▶ EXERCISE REQUIREMENTS
Copy out the data exactly as it appears, without a single image.

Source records

--- START ---

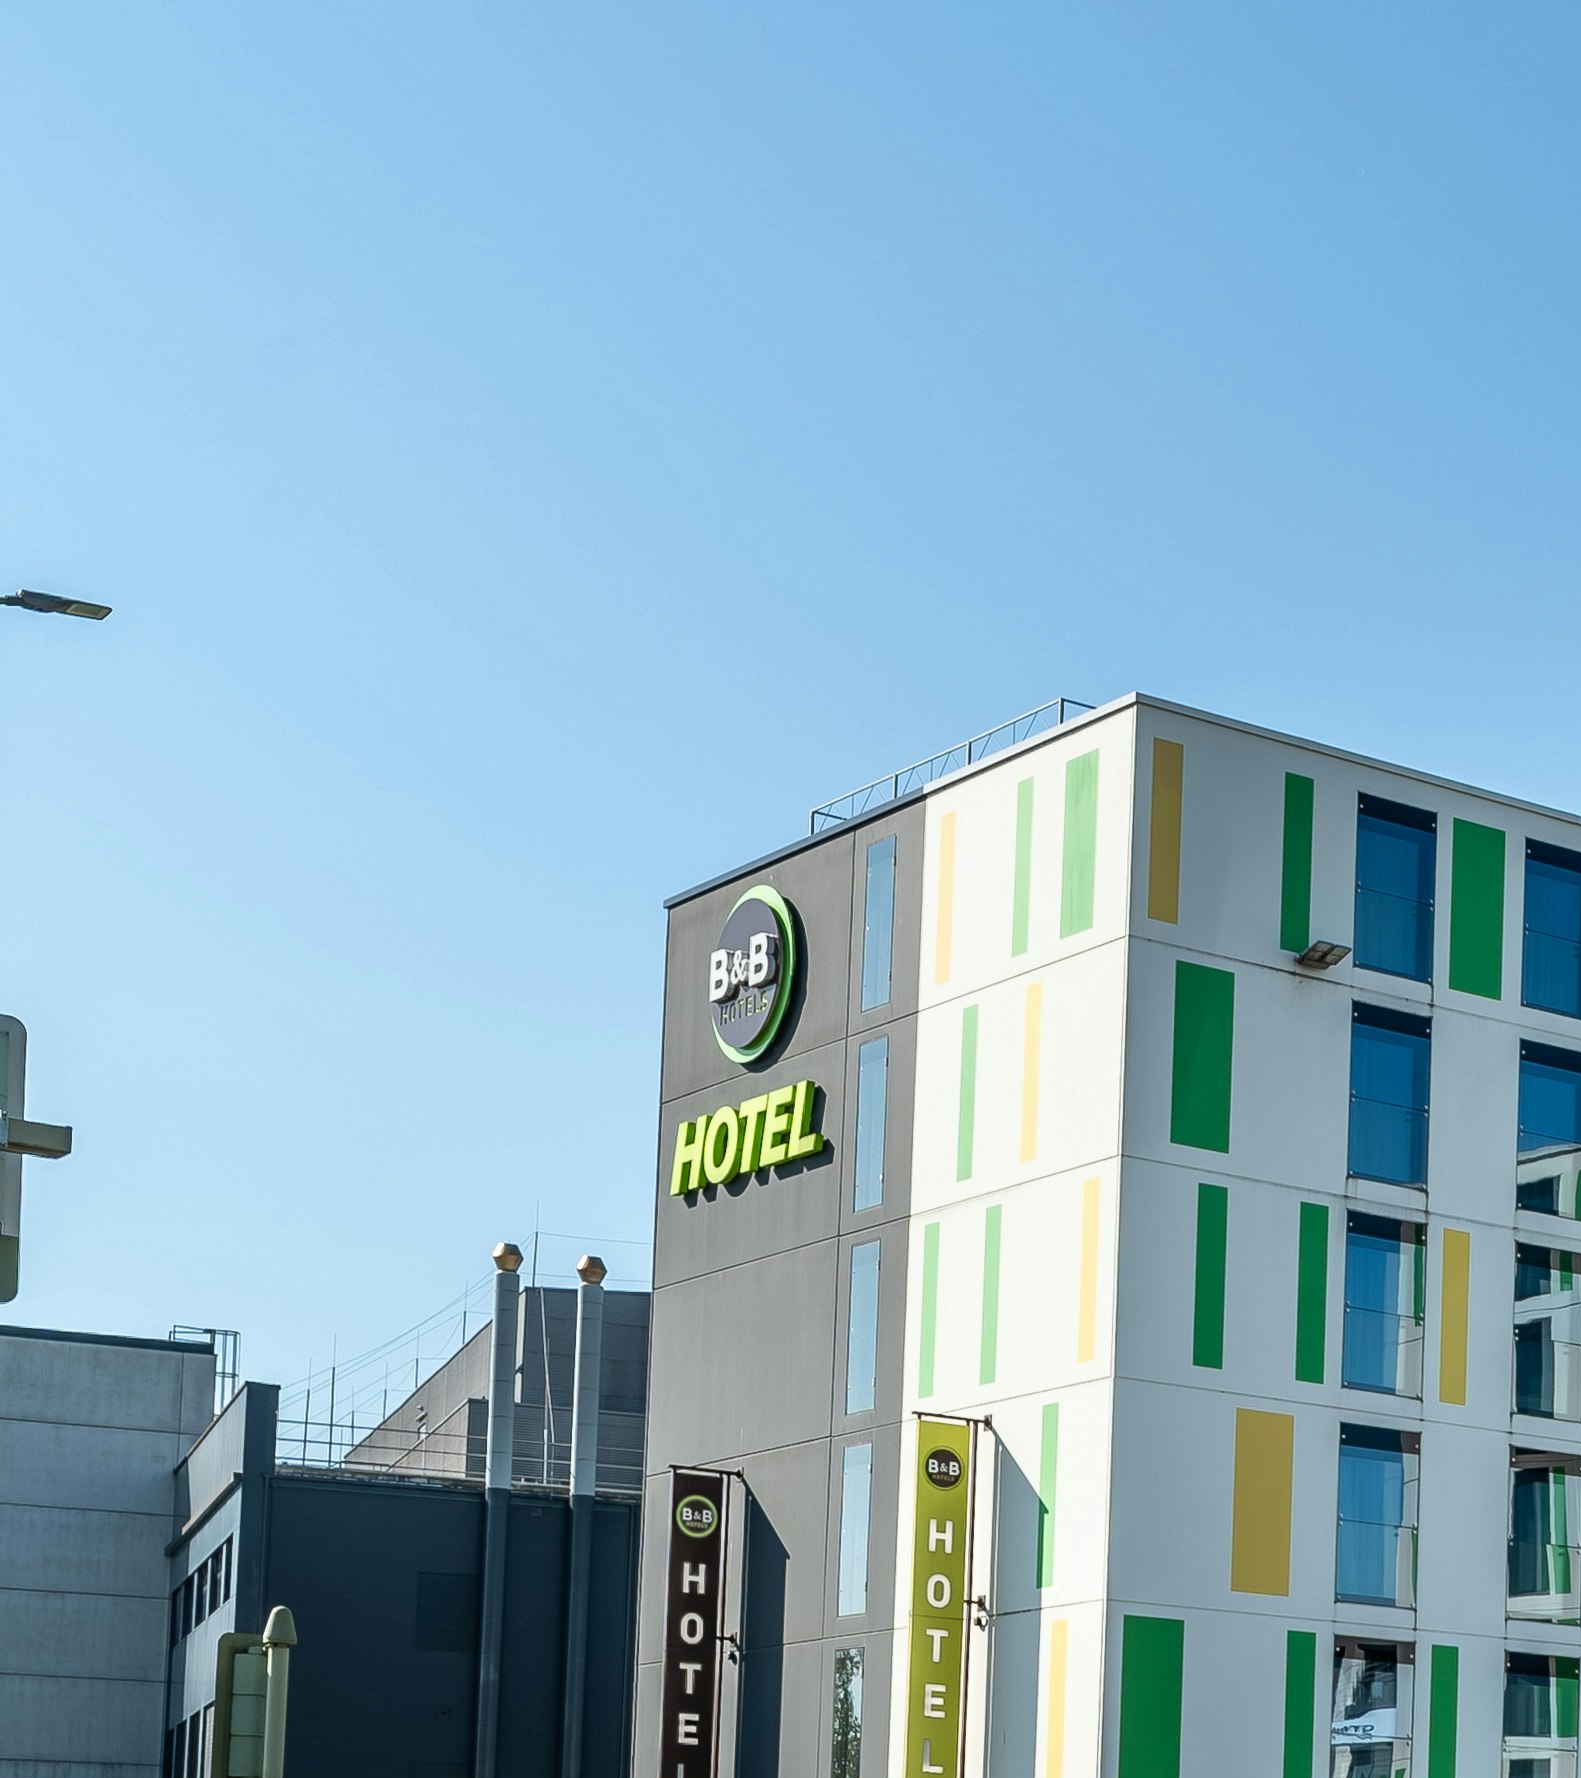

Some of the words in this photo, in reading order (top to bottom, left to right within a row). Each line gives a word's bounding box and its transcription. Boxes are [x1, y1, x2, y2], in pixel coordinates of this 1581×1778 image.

[709, 932, 774, 1003] B&B
[720, 990, 769, 1026] HOTELS
[669, 1079, 824, 1197] HOTEL
[928, 1458, 960, 1476] B&B
[682, 1507, 713, 1523] B&B
[921, 1518, 954, 1774] HOTEL

--- END ---

▶ TASK RESULT
Some of the words in this photo, in reading order (top to bottom, left to right within a row). Each line gives a word's bounding box and its transcription. Boxes are [x1, y1, x2, y2], in pixel coordinates of this 1581×1778 image.

[709, 932, 774, 1003] B&B
[720, 990, 769, 1026] HOTELS
[669, 1079, 824, 1197] HOTEL
[928, 1458, 960, 1476] B&B
[682, 1507, 713, 1523] B&B
[921, 1518, 954, 1774] HOTEL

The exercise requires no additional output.